As a result of an unparalleled cooperative response to the problem of health care waste, fraud and abuse by the Congress, the Administration, the healthcare community, and senior advocacy groups, we have been able to identify, expose and respond to the problem more completely and accurately than before. It is bigger, more sophisticated, and more formidable than many may have imagined. Twenty years ago, Medicare expended $22 billion, and we were primarily investigating single-subject cases. Back then a million dollar case was considered rather large. Currently, program outlays exceed $200 billion, and multiple-subject cases are commonplace. We see millions of dollars stolen in a single scheme. With today\'s technology, fraudulent providers can bill the system electronically, make quick hits for large amounts of money, and move on before they are detected.

In addition to the change in the nature of health care fraud, we have also noticed a change in the individuals committing health care fraud.

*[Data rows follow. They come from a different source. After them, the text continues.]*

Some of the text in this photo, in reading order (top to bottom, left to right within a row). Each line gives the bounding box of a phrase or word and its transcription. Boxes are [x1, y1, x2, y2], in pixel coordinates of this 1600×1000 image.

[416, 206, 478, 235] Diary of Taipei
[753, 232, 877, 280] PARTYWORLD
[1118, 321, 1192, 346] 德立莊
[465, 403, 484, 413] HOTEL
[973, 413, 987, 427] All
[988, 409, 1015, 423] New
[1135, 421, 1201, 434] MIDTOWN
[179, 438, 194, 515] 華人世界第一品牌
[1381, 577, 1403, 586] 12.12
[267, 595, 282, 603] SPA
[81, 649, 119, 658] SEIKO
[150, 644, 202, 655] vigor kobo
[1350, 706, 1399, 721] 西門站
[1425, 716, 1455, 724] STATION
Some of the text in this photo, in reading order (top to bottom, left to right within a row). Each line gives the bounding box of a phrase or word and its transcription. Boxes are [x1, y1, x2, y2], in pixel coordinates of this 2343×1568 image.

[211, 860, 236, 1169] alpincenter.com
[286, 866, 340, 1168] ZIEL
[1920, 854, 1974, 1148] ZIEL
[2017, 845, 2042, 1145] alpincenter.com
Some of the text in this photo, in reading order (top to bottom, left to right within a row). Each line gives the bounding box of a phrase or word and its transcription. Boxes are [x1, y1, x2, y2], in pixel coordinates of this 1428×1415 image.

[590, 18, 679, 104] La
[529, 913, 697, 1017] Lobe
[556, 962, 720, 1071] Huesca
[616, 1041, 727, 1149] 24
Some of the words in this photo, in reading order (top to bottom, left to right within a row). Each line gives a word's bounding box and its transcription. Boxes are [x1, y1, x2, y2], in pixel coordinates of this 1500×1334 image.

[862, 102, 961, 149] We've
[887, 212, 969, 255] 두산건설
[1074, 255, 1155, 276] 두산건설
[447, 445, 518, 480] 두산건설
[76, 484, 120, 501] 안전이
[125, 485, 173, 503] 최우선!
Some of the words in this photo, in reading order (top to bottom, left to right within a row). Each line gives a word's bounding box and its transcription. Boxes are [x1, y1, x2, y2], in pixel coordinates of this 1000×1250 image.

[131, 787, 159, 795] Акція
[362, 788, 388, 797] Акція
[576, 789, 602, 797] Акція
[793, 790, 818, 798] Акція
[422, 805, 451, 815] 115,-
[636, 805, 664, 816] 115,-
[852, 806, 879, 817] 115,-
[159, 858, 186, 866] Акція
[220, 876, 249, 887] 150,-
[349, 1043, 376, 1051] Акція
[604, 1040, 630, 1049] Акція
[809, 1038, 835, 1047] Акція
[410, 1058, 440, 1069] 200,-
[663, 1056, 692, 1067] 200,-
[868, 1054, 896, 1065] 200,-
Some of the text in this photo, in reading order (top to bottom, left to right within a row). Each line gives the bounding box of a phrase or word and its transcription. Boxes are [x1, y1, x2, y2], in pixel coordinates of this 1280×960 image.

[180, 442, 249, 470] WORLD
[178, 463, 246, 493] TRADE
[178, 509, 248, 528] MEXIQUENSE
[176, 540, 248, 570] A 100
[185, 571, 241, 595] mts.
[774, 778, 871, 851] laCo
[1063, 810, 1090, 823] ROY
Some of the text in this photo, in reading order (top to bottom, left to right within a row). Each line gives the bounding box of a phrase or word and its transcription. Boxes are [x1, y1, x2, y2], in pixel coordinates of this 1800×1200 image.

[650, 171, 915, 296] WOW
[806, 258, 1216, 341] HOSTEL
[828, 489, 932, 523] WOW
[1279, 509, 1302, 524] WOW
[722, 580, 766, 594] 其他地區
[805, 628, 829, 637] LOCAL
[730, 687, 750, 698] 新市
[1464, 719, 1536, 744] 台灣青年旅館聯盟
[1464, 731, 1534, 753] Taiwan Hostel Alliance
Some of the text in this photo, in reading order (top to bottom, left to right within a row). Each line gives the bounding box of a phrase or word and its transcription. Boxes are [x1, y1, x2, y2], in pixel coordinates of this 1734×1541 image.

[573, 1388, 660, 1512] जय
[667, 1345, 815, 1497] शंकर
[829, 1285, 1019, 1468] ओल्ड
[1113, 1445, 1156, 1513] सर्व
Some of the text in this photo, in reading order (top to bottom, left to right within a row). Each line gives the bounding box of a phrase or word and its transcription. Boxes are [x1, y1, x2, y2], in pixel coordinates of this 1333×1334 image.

In the past, most of our investigations involved individuals with a legitimate reason for being in the health care system, but who misused their positions to fraudulently bill Medicare due to greed. In recent years, we have begun investigating an increasing number of criminals with no medical background, merely in the program to make large amounts of money illegally. Today\'s criminals know where the money is and how to get it. They also know where the radar is and how to fly under it, undetected.

Because we have better tools, and are better organized than in the past, we continue to have successes and are confident of favorable outcomes on several fronts. However, we must temper our optimism and remain vigilant. Due to the complexity of the Medicare program and the tremendous number of dollars flowing through the program, there will always be those who will continue to seek loopholes and look for ways to siphon those dollars earmarked for maintaining and improving the health of the elderly and disabled in this country.


The Office of Inspector General (OIG) was created in 1976 and is statutorily charged with protecting the integrity of our Department\'s programs, as well as promoting their economy, efficiency and effectiveness. The OIG meets this statutory mandate through a comprehensive program of audits, program evaluations, and investigations designed to improve the management of the department and to protect its programs and beneficiaries from fraud, waste and abuse. Our role is to detect and prevent waste, fraud and abuse, and to ensure that beneficiaries receive high quality, necessary services, at appropriate payment levels.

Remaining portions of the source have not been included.